The Resurrection of Jesus Christ from death isn’t just a doctrine for Christians to believe; it is a powerful reality to live into. 

Christianity is not a checklist of right beliefs to hold; it is a spirituality deeply concerned with the integration of Christ’s crucifixion and resurrection into the believer’s daily life – affecting everything she says and does.

Belief and action are to be a seamless whole.  Christianity “works” when faith in the redemptive events of Jesus are woven into the daily fabric of our lives.  Where there is a disparity between verbal confession and daily actions, there is need for integration.

To hold to the message of Christianity is to allow and actively practice applying and integrating Christ’s redemption into all of life.

The greatest tool in this work of integrity is grace.  In Christianity, God graciously delivers people of all kinds from sin, death, and hell through the life, death, and resurrection of Christ.  God graciously gives us the gift of faith, to believe.  And God works throughout the duration of the Christian’s earthly life to graciously and patiently sew together a solid spirituality within the believer that effects holiness of life.

The Apostle Paul stated that “you are being saved through [the good news of Christ’s crucifixion and resurrection] if you hold on to the message.”  That’s Paul’s way of expressing the need for this integrating work of belief throughout a person’s life.

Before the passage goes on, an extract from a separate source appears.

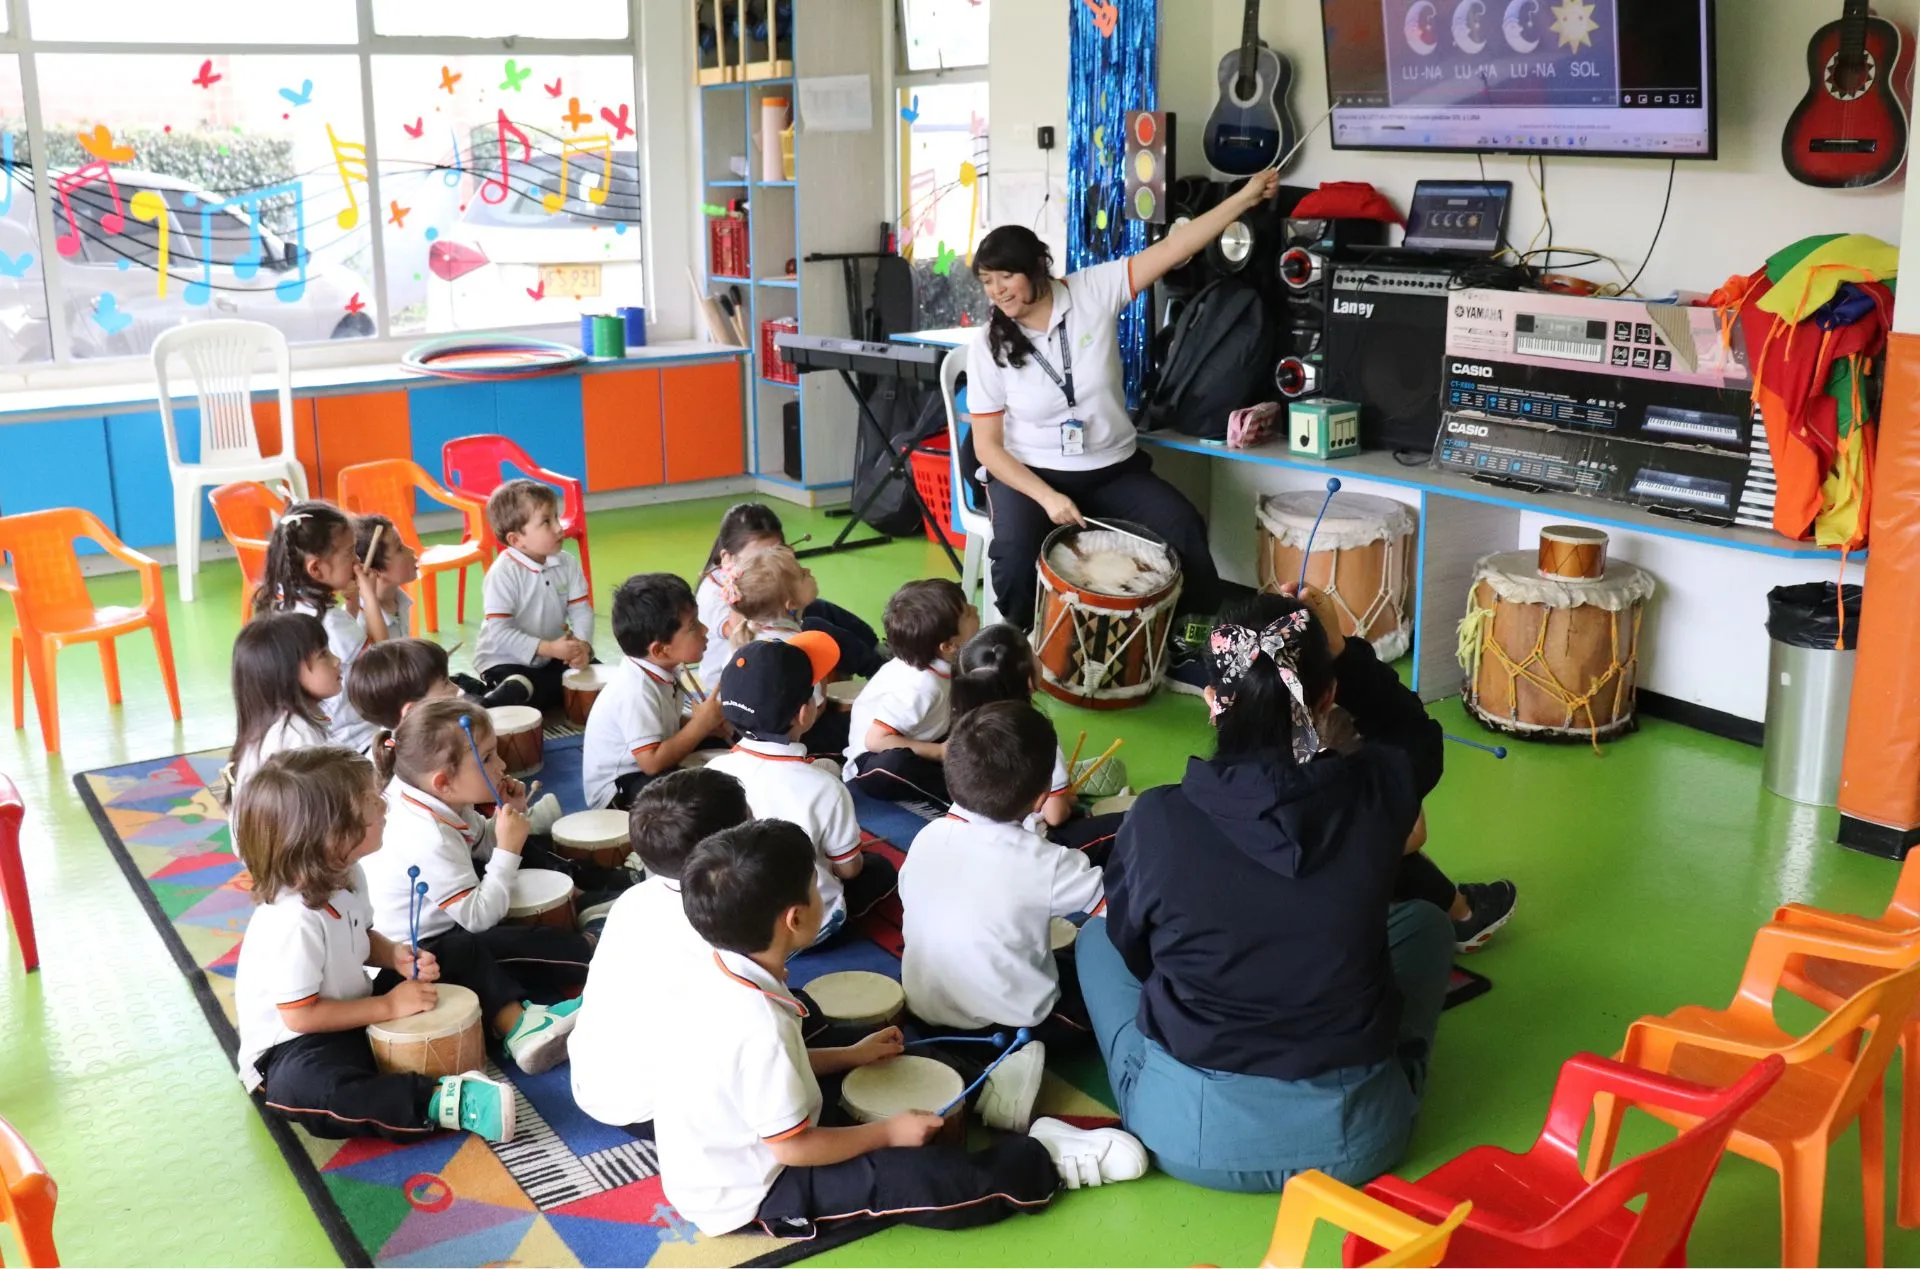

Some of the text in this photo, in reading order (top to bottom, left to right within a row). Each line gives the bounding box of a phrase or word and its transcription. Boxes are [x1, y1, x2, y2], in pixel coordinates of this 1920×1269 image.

Far too often, in many places of evangelical Christianity, salvation is looked upon as something static – a mere belief to possess.  Again, I will say: The Resurrection of Jesus Christ from death involves belief and much more; it is a powerful reality to live into.  Salvation is more expansive than a first glance can perceive.  Three statements of salvation are true:

  • We have been saved (past historical redemptive events of Jesus).
  • We are being saved (present integration of Christ’s redemption into daily life).
  • We will be saved (future event of Christ coming again to bring salvation in its complete fullness).

In other words, faith is dynamic.  It can be strengthened or weakened, has ability to grow or wither, and rarely sits idle.

Faith needs attention and exercise to develop a strong spiritual life.

Christianity is a practical boots-on-the-ground divine/human cooperative.  When we put ourselves in a position to receive, then grace has no obstacles to generously give.  And that’s not a one-time thing – it is to be a constant and healthy dynamic of receiving from God and giving to others.  The bedrock belief for this to happen, according to Christianity, is that Jesus is alive.  Because he lives, we live.  He has ability to graciously and lovingly help those coming to God.  That is some incredibly good news!

Lord God Almighty, the resurrection of your Son has given us new life and renewed hope.  Help us to live as new people in pursuit of the Christian ideal.  Grant us wisdom to know what we must do, the will to want to do it, the courage to undertake it, the perseverance to continue to do it, and the strength to complete it; through Jesus Christ in the power of the Holy Spirit.  Amen.